Perché la droga ha ripreso quota? Primo: per l’instabilità e per i conflitti politici; secondo: per le siccità dirompenti e per le inondazioni stagionali ricorrenti; terzo: per la diminuzione dei finanziamenti internazionali e per il taglio delle altre offerte di lavoro. La tendenza volgerà al peggio con l’ascesa dell’Emirato islamico, che perderà gli aiuti del Fondo monetario e della Banca mondiale. La coltivazione dell’oppio esploderà perché i motori strutturali della narco-economia saranno galvanizzati dai conflitti armati latenti, dall’amministrazione fragile e dalla povertà generalizzata. Sia nelle campagne, sia nelle città di confine, la coltivazione del papavero è un’ancora di salvezza imprescindibile per gli afghani, travolti da una crisi umanitaria senza precedenti.
Quest’anno, l’inclemenza del clima, siccitoso, ha fatto schizzare verso l’alto i prezzi dei generi alimentari. Il quadro sanitario è stato compromesso dalla pandemia di Covid-19. Nel 2001, poco prima di essere defenestrati dagli americani, i taleban avevano proibito le droghe. Si guarderanno bene dal reiterare lo stesso errore, pena l’inimicizia del mondo contadino e la rinuncia a un mercato che frutta 2 miliardi di dollari l’anno circa.
L’eroina afghana, che da sola vale il 90% della produzione mondiale, genera il 10% della ricchezza nazionale afghana. Sostenta fra i 4 e i 5 milioni di abitanti, su una popolazione totale che non arriva a 40 milioni. Non è un caso che i taleban, nella loro offensiva folgorante, si siano concentrati innanzitutto sulle città di frontiera. Le rotte commerciali della droga sono ora tutte in mano loro. Sulla carta, l’Afghanistan ha un forziere da 1.000 miliardi di dollari, ma senza stabilità geopolitica e senza un’amministrazione efficiente sarà impossibile schiuderlo. I taleban sono fragili economicamente: hanno sempre praticato i canali dell’illegalità, dal narcotraffico al contrabbando di minerali estratti clandestinamente, dall’imposizione di tasse estorsive alla raccolta di fondi di dubbia provenienza dagli emirati del Golfo.

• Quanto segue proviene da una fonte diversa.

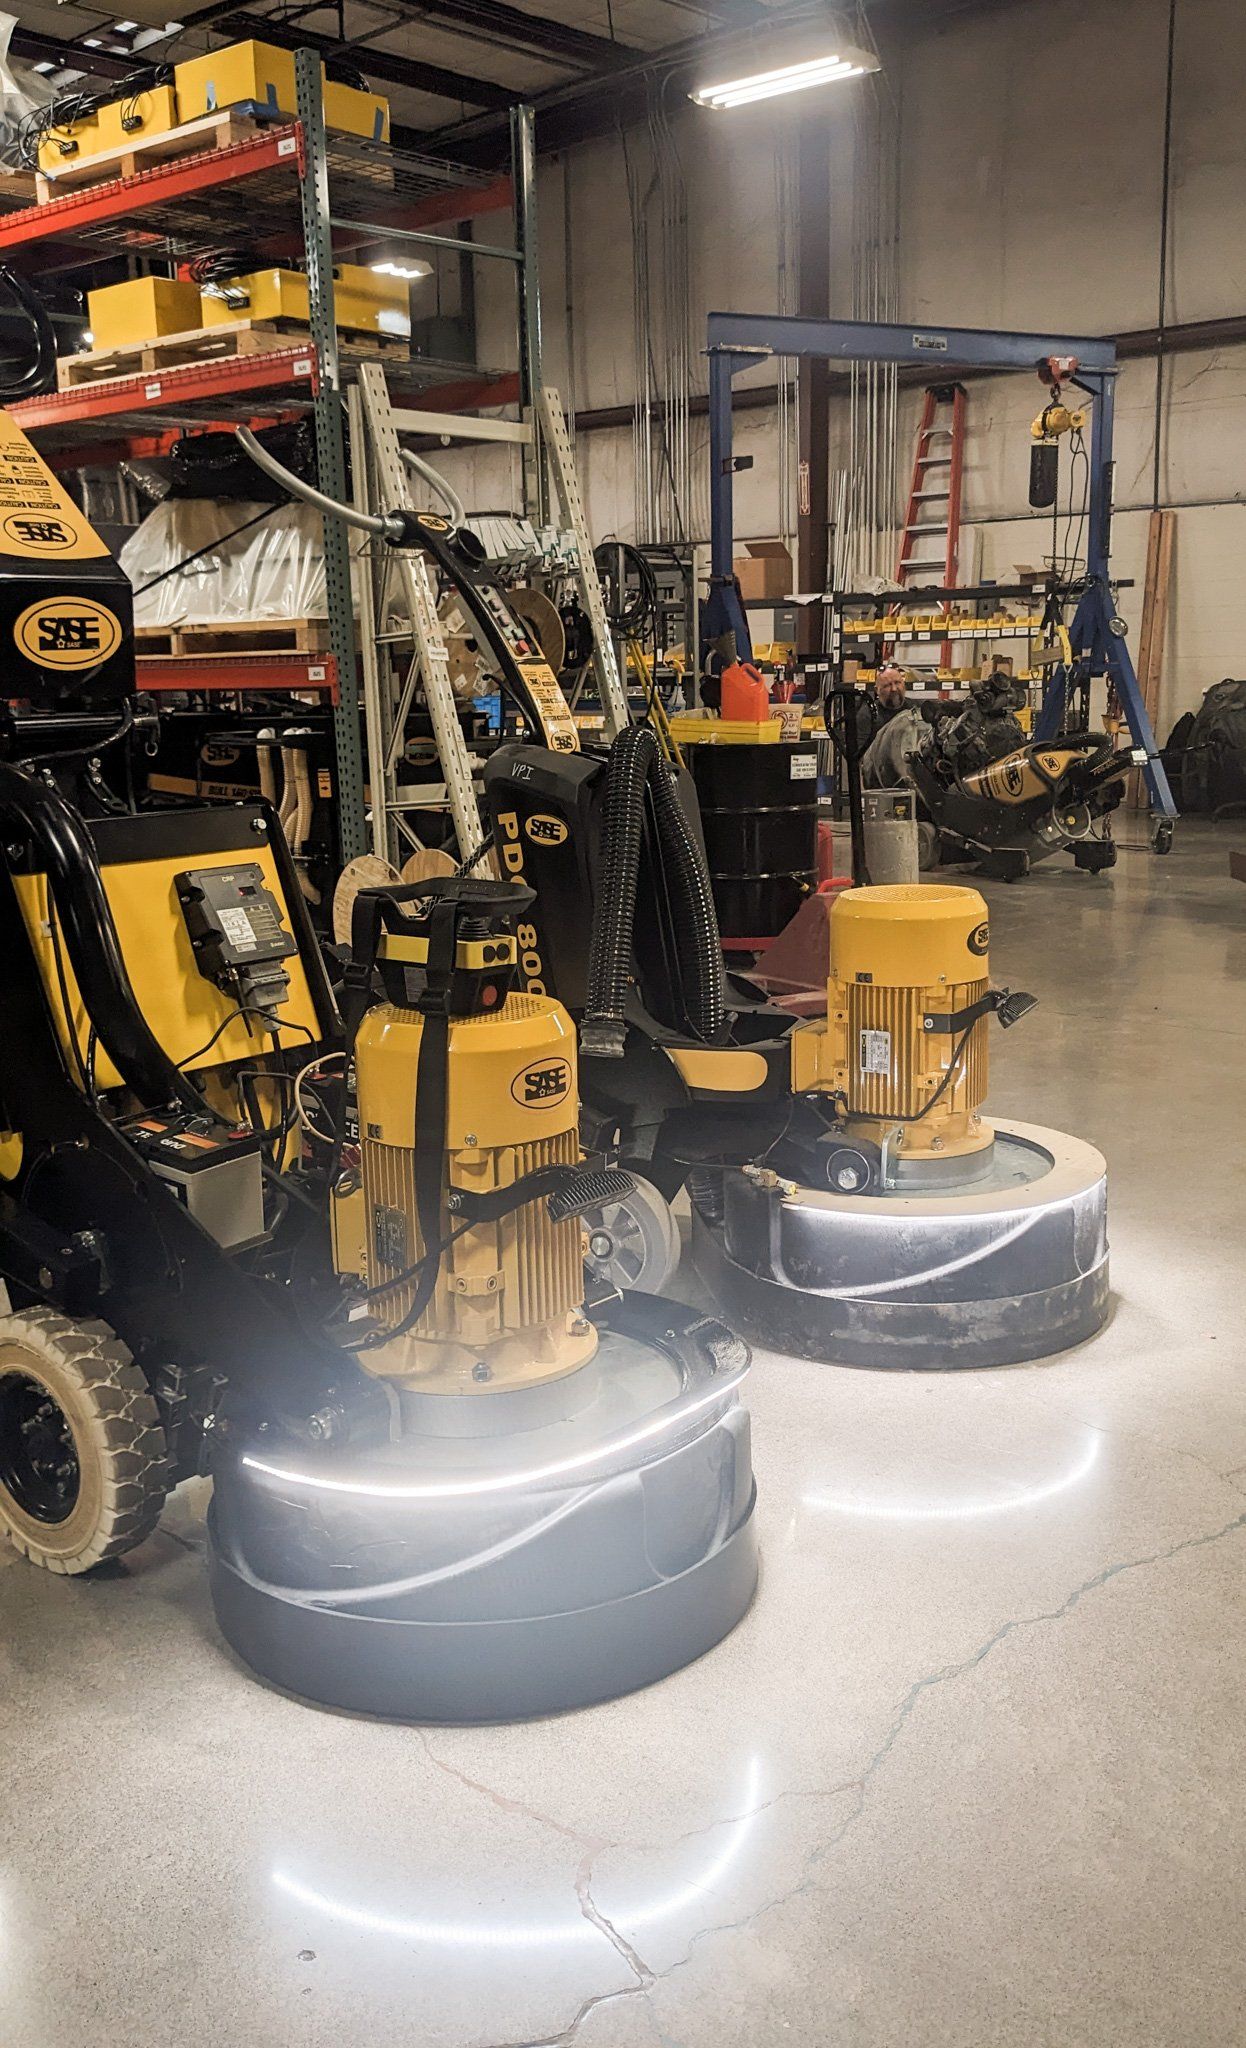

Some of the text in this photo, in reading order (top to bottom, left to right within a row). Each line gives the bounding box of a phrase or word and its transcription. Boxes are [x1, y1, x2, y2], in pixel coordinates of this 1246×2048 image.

Per far funzionare l’Emirato islamico, pagare gli stipendi dei dipendenti e dei miliziani, sostenere i circuiti economici, mantenere le reti stradali e gli ospedali avranno bisogno di un bilancio di 10 miliardi di dollari l’anno. Fino a poco tempo fa, l’80% del budget afghano era garantito dai prestiti e dai fondi internazionali. Ora gli studenti coranici hanno un potere di ricatto enorme sulla comunità internazionale. Se non riprenderanno gli aiuti degli istituti finanziari mondiali e non saranno sbloccati gli asset afghani legali, congelati nelle banche estere, gli studenti coranici non muoveranno un dito per riconvertire l’economia del Paese. Un circolo vizioso molto pericoloso per tutti.